Reasons And Statute Of Limitations For Annulment In California

There are several possible reasons why California would allow judges to grant an annulment request, and also a statute of limitations for each circumstance, which includes:

  • They Were Already Married. One party committed bigamy and entered a second marriage while the first marriage was still intact, and you must file for the annulment before the first spouse’s death.
  • Underage Marriage. One party was younger than 18 when the marriage occurred, and you must file for the annulment within four years of turning 18.
  • Forced Marriage. One party was forced to marry against their wishes, and you must file for the annulment within the first four years of marriage.
  • Fraudulent Marriage. One party committed fraud to influence the other person to marry or to get consent for marriage. An example will be if one party marries the other person only to stay in the United States while lying and claiming the traditional reasons for getting married. You must file for the annulment four years from the date that you discover the fraud.
  • Unsound Mind. One or both persons could not consent to the marriage because they are of “unsound mind” at the time of marriage. An example of this will be if someone marries a severely mentally incapacitated person who cannot consent or two people get married while intoxicated. Either party may file for an annulment any time before the death of one person.
  • Physical Incapacity. One or both persons have an incurable physical illness, disease, or incapacitation that will not be resolved soon. If you file an annulment due to your partner’s inability to maintain sexual relations because of physical incapacity, you must do so within the first four years of marriage.

Proof For An Annulment

To obtain an annulment, you must prove to the judge that at least one of the above situations applies. You must also prove that you filed for the annulment within the time allowed for your situation. The requirement of providing proof as a part of the request for the annulment is vastly different from divorce in California, which can be granted on grounds as simple as irreconcilable differences.
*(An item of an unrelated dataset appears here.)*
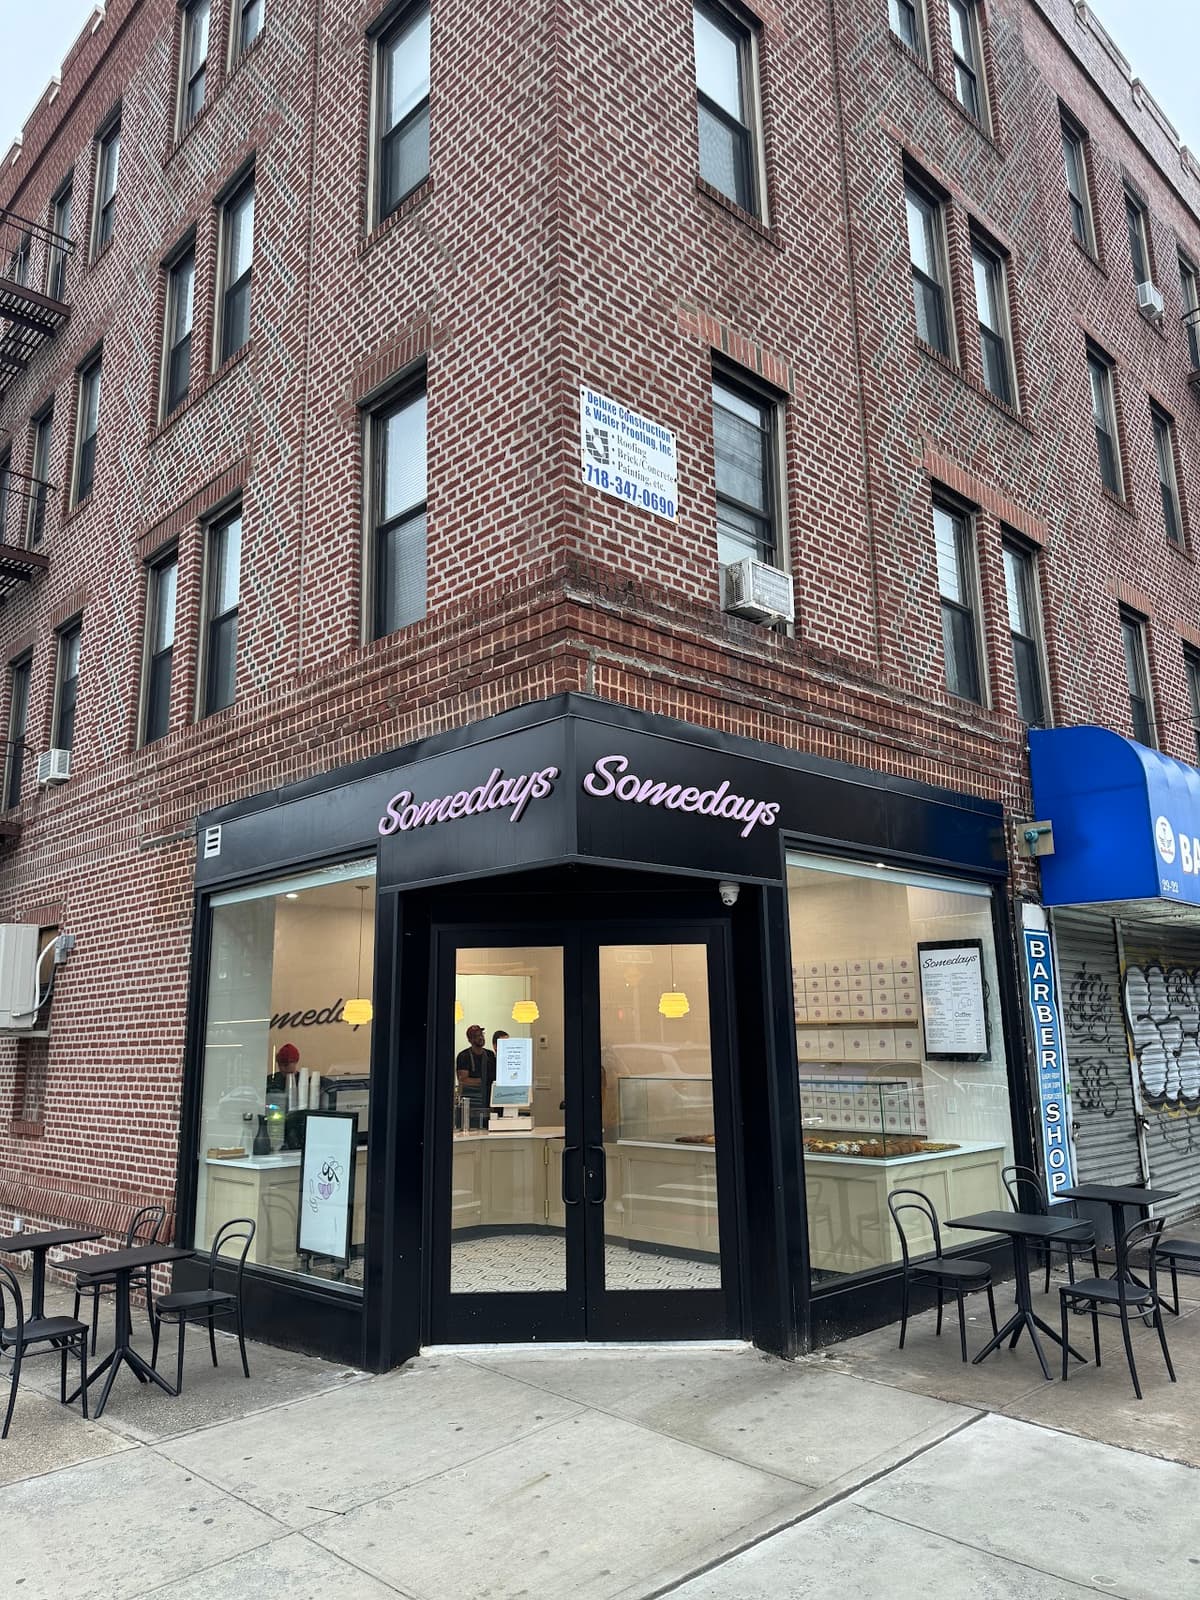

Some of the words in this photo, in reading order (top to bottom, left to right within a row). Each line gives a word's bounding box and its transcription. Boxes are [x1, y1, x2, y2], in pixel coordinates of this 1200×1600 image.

Divorce vs. Annulment: Pros and Cons

Annulments have different consequences than traditional divorce. Divorced spouses have specific rights that those who have their marriage annulled will not have, as an annulment concludes that a marriage was never valid from the beginning.

Examples of this include spousal maintenance, pension benefits, community property rights, and other legal rights of divorced spouses that are not generally applicable with an annulment of a marriage. Depending upon your situation, obtaining an annulment could be an advantage rather than a disadvantage.

An annulment can also be a more cost-effective way to end a marriage as there aren’t as many legal issues that need resolution as in a divorce. However, if proving the grounds on which you seek an annulment is challenging, or your spouse may contest it, litigation costs and investigator fees for expert witness expenses can quickly add up.

Sometimes getting a divorce is more straightforward as no proof of fault is required. It can be based on irreconcilable differences making it a more economical choice than going through the annulment process.

The annulment process also does not have the exact six-month minimum residency requirement or waiting period you must meet to get a divorce in California. An annulment in California is effective immediately.

Hiring an attorney experienced in California divorce laws to determine your best course of action is essential to save you time, money, and stress.

Azemika & Azemika Law Is Here To Help

At Azemika & Azemika Law, our law firm’s practice is devoted exclusively to family law. We are experts in handling cases involving divorce, annulment, child custody and visitation, division of property, and other family law-related situations, successfully supporting our clients in Bakersfield, California. Contact us today to learn how we can help you.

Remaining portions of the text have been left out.